Oh the irony, the sad irony called the cycle of life. You'd think it'll get creative after a while, but it doesn't. Luckily for you, that is. For what’s worth, stop complaining about the monotony of life. Trust me, if it were indeed ever-changing, judging the rate of evolutionary progress you’re exhibiting, you’d all be dead by now.
It’s a sick joke, I’ll give you that, but you have to admit it’s true. If it weren’t a cycle, if it weren’t mundane and holding a certain air of plagiarism, there’d be nothing to look back on and maybe draw some survival boons from. Even then, some people don’t quite get there.
I’ve also noticed how most, if not all, good people are rendered rather heartless by time, and that’s the only way it can make sense, if you really think about it. I mean, it goes against nature to be giving, hence the only compromise they can make without losing their inherent goodness is by acquiring a shield, that little defense mechanism that parses their code into something that wouldn’t kill them. You see the logic behind the metamorphosis goes as follows: The person goes through enough crap to prove his straightforward goodness to be impractical, the person believes that change is immoral and is stuck in an impasse, hence the psyche does a little tumble and solves the puzzle: There would never be a problem if the person never cares in the first place.
And that’s usually how they’re made, that little psychological loop that sets things straight. Cycle, loop, it seems like the go-to solution for everything, no? The same way round shapes take up the least energy, and how if every centripetal and centrifugal force on earth disappeared, all elements will curl up into a ball to .. survive, for lack of a better verb.
If you give it some thought, you’ll see that the only change people see in life wouldn’t be really change if they lived past 60, or 80, and even then, they start to see the cycle and things stops seeming new.

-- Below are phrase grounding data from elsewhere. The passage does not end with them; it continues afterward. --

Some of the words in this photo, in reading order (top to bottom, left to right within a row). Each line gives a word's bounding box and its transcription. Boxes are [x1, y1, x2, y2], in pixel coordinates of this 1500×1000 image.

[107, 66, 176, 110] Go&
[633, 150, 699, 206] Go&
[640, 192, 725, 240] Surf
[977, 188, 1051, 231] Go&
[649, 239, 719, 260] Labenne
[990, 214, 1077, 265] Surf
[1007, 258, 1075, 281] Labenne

Ever wondered why your grandma’s an undercover shaman? Or maybe how your dad managed to install those wondrous dadoscopes that save years off your calendar? It’s because they’ve seen it all, and it didn’t really take them that long to see it. That could only be possible if life is a cycle. It would also explain my theory that if it wasn’t, half of us would be dead by now, that is if they existed in the first place because half of our predecessors would have died before us trying to figure out how to live day in and day out.

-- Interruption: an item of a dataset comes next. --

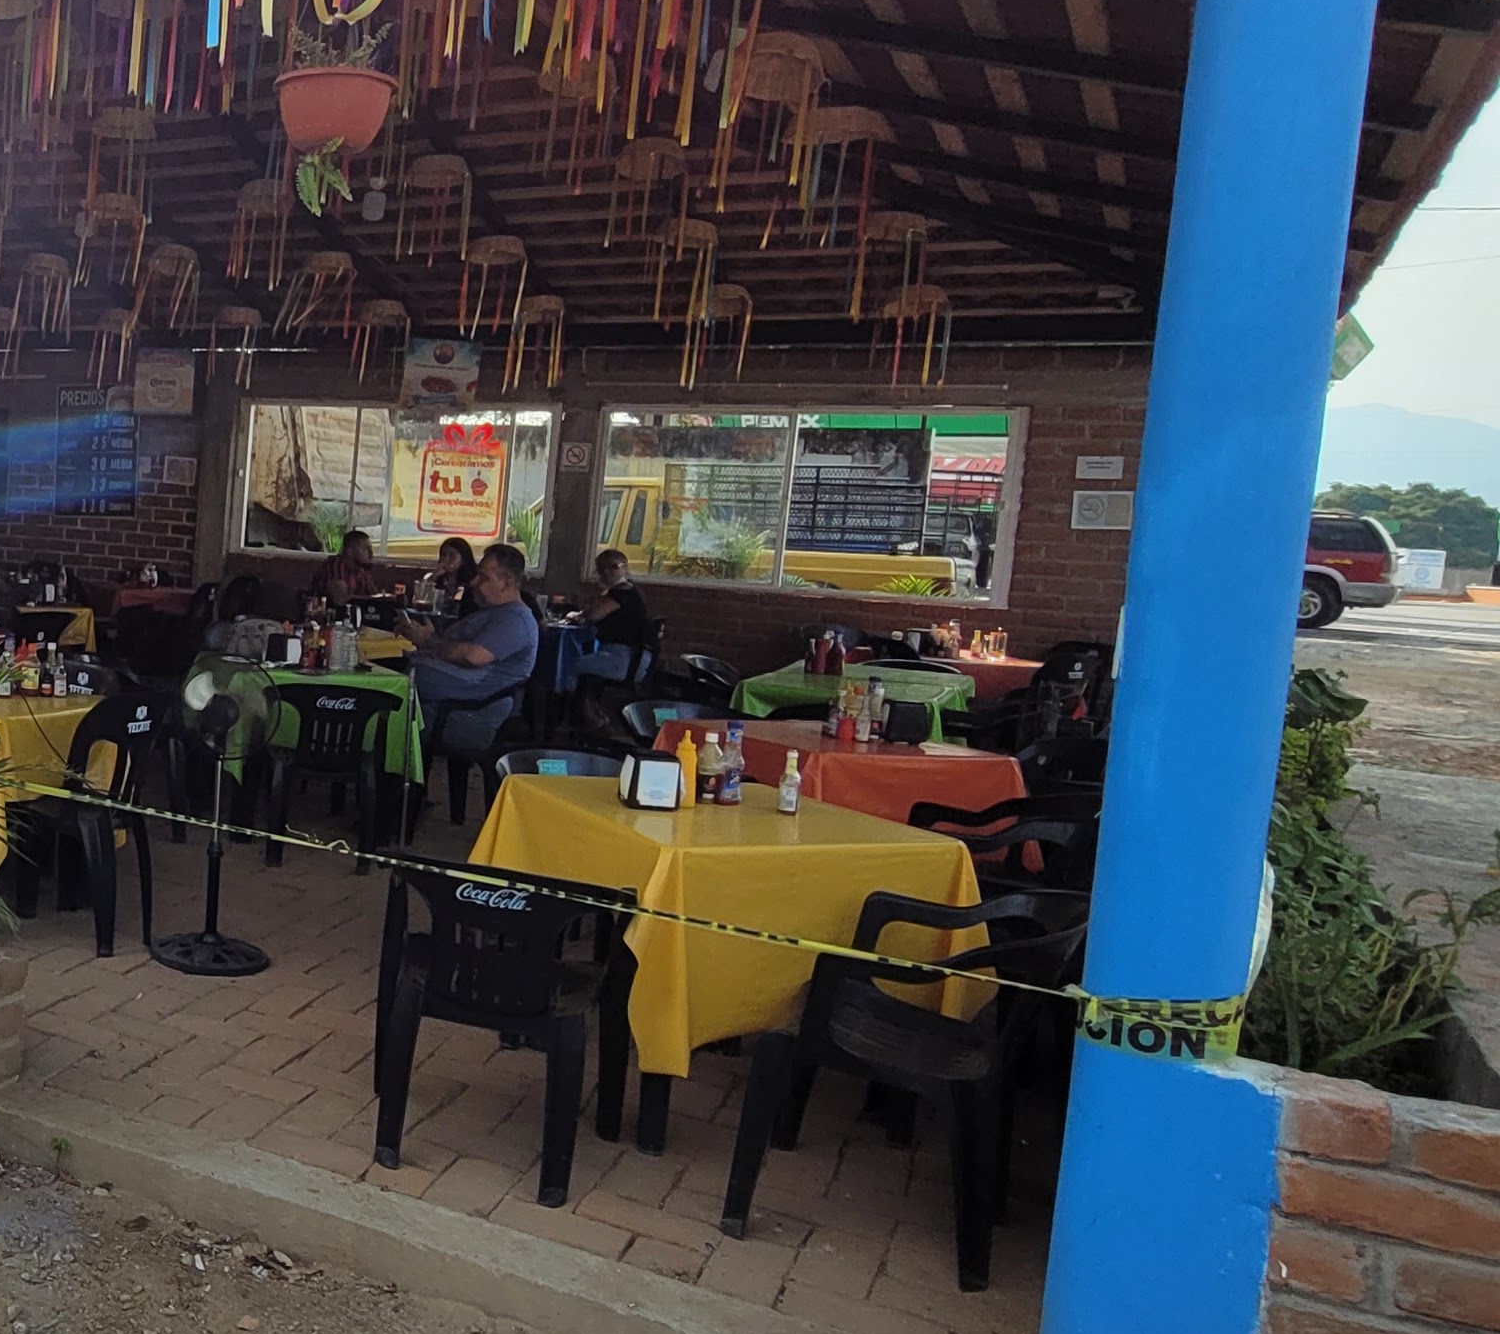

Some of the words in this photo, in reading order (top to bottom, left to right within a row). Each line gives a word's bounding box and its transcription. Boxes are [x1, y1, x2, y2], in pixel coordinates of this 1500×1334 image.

[60, 389, 105, 406] PRECIOS
[429, 470, 462, 494] tu
[127, 720, 152, 734] TECATE
[456, 882, 530, 910] Coca-Cola

That’s also why the biggest mistake anyone can make is thinking that they outsmart those around them. It’s a true mark of an idiot to believe that they could get ahead of the pattern, just because they’re under the impression that they see some things that others don’t. It never occurs to them, however, that seeing things doesn’t mean they’re right, it’s highly probable that others have seen the same things and had enough common sense in them to disregard them on the spot for being oh so damn moronic. Common sense, I may add, that wasn’t bestowed upon the aforementioned eponymous evolutionary at hand.

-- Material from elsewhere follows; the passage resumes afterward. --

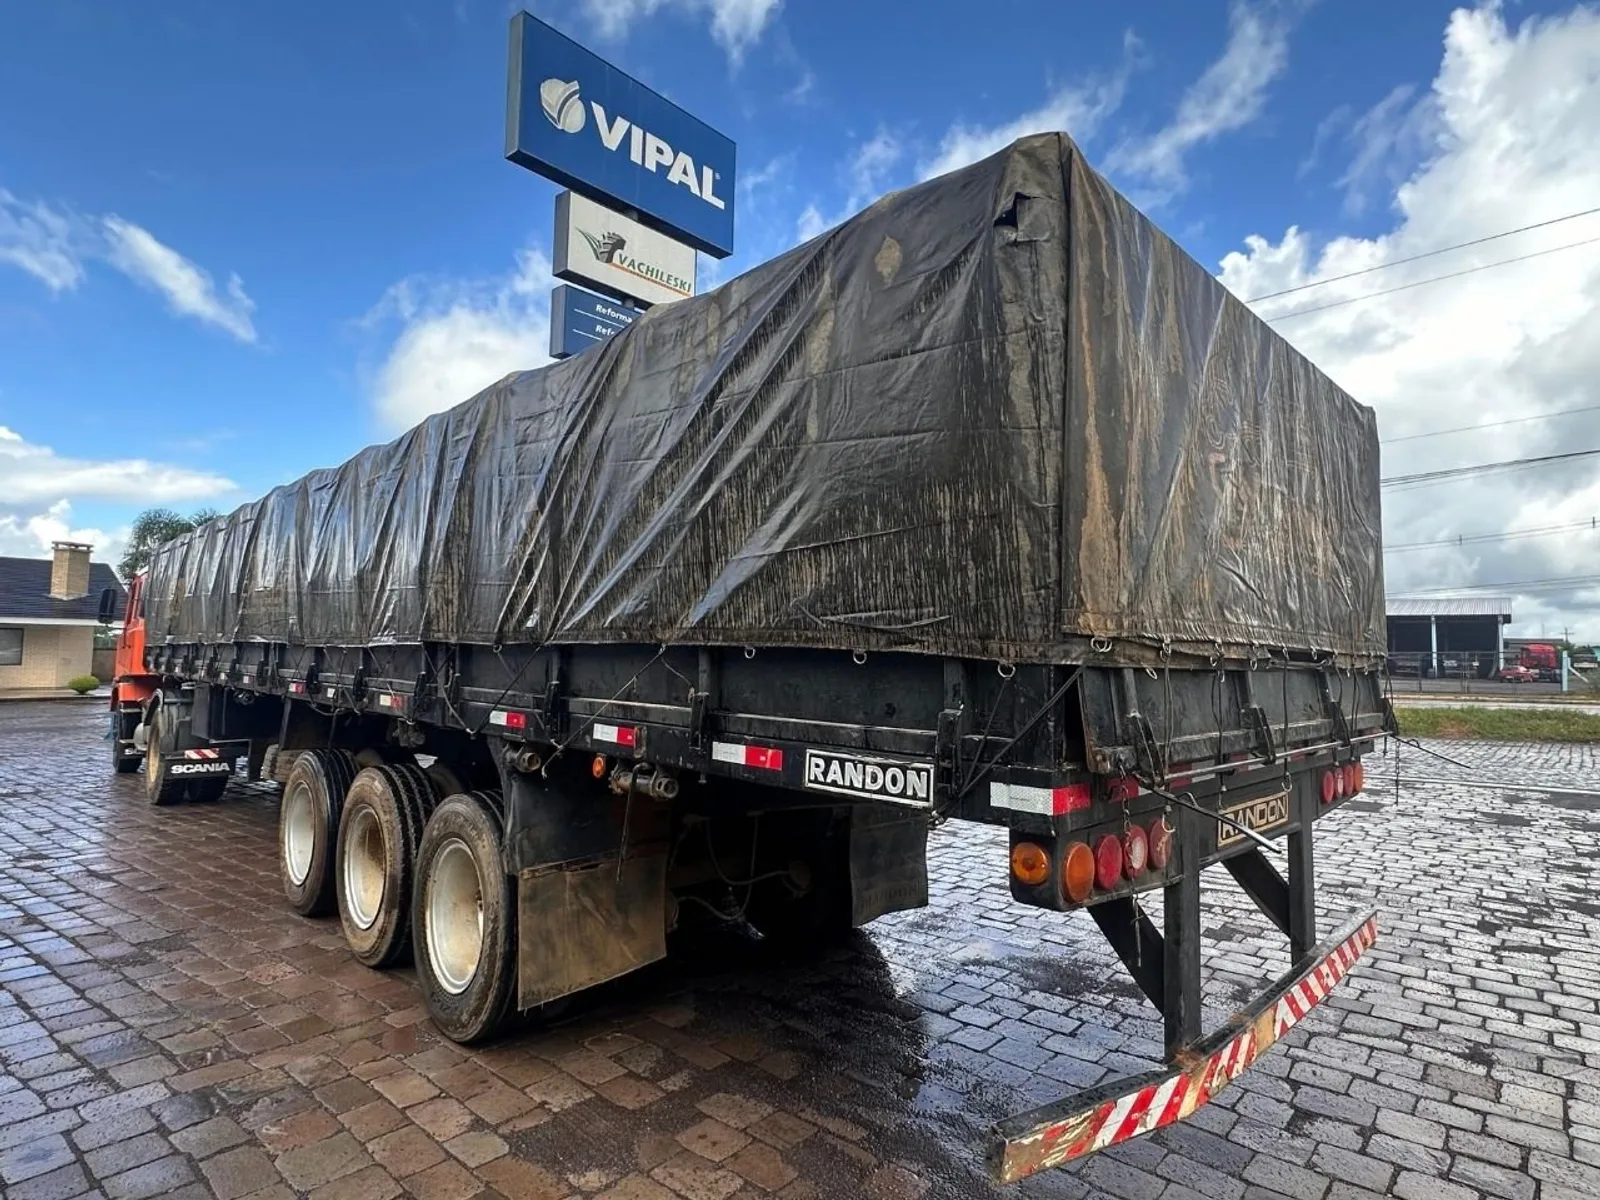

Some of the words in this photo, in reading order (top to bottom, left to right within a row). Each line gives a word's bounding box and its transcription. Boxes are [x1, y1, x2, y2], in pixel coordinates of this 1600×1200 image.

[591, 101, 725, 210] VIPAL
[619, 253, 692, 293] VACHILESKI
[171, 762, 230, 774] SCANIA
[809, 756, 928, 798] RANDON

Funny thing, life is. A child’s play, maintained by the ingenious mechanism of growing up and losing that child-like clarity. Remember how easy things were when you were a kid? How the line between right and wrong was 60 feet tall and unmistakable? You don’t think you were less of a human back then, do you? I daresay you were more of a human, and got chipped off along the way. And if you weren’t chipped off, you'd malfunction and life would need to give you a proper pounding just so you’d lose the extra weight you’ve reared round the edges, rough you up a bit so you’d be flexible enough to get through the hole that it really wouldn’t care enough to customize on your behalf. You’re not supposed to stay whole, that’s called incompetence, in the most pragmatic of canonical logistics. Proof of which is how the most successful at this life game are malevolent to the core, because only by being incredibly flexible will you reach the ultimate yet natural destination of malevolence. It’s against nature to be kind, it’s against survival of the fittest. Goodness is being morbidly obese, in that context.
Either way, you’ll be made heartless, because as much as I, you, or anyone would like to differ, sentiment is a chemical defect found on the losing side. But I may be wrong, and I hope to be, but I’m usually not. God knows I wouldn’t like to believe that the perfect outcome of life is turning everyone into robots. Even apes know better.